How this skill works

The skill defines experiment templates, integrates chaos tooling with TypeScript-based services and CI/CD pipelines, and connects experiments to observability and alerting. It automates controlled fault injection (CPU, memory, network, GPU/node failures, storage, and dependency outages), measures SLO impacts, and enforces blast-radius and safety gates.
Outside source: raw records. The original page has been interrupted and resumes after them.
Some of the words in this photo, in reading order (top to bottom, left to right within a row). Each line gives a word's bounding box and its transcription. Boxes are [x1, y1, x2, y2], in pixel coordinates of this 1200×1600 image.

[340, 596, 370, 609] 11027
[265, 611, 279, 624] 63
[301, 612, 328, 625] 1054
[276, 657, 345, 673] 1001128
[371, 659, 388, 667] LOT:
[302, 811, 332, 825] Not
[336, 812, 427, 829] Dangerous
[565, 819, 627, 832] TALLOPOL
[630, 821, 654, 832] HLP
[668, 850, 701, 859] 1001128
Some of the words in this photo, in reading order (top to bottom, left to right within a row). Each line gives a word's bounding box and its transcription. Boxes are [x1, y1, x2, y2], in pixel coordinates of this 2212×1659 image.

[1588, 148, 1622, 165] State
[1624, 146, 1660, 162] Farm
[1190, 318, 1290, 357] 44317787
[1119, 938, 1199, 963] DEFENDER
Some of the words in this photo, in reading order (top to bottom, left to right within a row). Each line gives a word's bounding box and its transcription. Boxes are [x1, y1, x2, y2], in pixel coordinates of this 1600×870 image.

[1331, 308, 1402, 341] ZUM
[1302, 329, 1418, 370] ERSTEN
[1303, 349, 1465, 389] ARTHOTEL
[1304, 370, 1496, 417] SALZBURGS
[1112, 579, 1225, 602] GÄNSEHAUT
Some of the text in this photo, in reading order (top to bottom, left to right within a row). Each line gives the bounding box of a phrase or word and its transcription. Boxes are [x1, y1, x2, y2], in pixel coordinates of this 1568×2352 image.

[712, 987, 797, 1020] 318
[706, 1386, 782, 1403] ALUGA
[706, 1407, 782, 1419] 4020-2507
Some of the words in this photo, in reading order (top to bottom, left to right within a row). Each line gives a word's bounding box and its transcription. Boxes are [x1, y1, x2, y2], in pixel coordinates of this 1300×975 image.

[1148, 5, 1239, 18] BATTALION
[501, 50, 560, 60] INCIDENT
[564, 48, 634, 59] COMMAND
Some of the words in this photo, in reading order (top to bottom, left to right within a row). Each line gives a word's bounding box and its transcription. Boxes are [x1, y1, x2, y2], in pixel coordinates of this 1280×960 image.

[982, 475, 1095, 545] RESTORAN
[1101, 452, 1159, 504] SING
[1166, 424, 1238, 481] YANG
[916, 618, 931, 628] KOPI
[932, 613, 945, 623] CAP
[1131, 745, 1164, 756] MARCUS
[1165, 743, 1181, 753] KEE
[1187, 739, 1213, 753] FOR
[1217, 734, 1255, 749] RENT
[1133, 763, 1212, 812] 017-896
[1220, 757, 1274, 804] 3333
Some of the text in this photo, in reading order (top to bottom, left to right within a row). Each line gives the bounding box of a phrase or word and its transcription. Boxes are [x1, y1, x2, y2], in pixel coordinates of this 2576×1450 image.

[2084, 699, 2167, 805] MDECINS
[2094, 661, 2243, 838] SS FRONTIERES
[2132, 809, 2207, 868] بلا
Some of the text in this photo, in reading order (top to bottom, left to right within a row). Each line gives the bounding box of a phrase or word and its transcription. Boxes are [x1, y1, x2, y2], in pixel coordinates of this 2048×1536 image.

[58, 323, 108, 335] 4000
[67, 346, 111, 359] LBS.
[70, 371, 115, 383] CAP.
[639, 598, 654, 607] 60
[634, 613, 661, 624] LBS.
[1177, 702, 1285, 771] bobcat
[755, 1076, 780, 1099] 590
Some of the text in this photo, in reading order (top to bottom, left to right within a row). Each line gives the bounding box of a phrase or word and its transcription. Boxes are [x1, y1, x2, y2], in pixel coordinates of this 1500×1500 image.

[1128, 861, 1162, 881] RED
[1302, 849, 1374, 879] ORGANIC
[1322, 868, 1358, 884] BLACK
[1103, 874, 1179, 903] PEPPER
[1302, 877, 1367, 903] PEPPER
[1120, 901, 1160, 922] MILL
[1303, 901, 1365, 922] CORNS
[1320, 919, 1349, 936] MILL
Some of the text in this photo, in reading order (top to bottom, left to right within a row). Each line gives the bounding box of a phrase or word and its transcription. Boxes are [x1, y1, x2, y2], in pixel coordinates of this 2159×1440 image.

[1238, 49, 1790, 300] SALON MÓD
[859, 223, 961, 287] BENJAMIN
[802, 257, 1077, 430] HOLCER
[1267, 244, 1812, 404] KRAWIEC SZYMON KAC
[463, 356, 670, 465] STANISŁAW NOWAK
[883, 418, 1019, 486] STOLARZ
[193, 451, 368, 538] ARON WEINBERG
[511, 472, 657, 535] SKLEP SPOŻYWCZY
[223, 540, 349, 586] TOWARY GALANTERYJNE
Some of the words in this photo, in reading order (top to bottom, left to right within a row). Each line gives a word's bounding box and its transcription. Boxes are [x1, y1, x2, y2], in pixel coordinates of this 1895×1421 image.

Results feed back into runbooks, monitoring dashboards, and automated rollback or remediation hooks.

When to use it

  • Before major releases or architecture changes to validate resilience assumptions
  • When onboarding new infrastructure (GPU clusters, object stores, message queues)
  • To verify incident response playbooks and automated recovery paths
  • When reducing mean time to recovery (MTTR) or validating SLOs
  • During periodic resilience audits or compliance-driven testing

Best practices

  • Define clear hypotheses, metrics, and success criteria for every experiment
  • Start small with limited blast radius and progressively increase scope
  • Document configurations, experiment histories, and outcomes centrally
  • Integrate experiments into CI/CD with safety gates and canary windows
  • Ensure observability (traces, metrics, logs) and alerting are reliable before running tests
  • Automate remediation and rollback paths; rehearse runbooks regularly

Example use cases

  • Inject GPU node loss during a model training job to verify job resumption and checkpointing
  • Introduce network latency between asset generation service and storage to validate timeouts and retries
  • Simulate a message broker outage to ensure job queue persistence and backpressure handling
  • Throttle CPU or memory on rendering workers to observe autoscaling and graceful degradation
  • Run dependency chaos against an external model hosting API to test fallback models and degradation UX

FAQ

How do you keep experiments safe for production?

Enforce blast-radius limits, require approvals, run during low-traffic windows, use canaries, and ensure automated abort triggers based on SLO breaches or critical alerts.

What happens if an experiment causes a real outage?

Predefine rollback and remediation actions, integrate automatic rollback hooks into experiments, and maintain detailed runbooks and postmortems to prevent recurrence.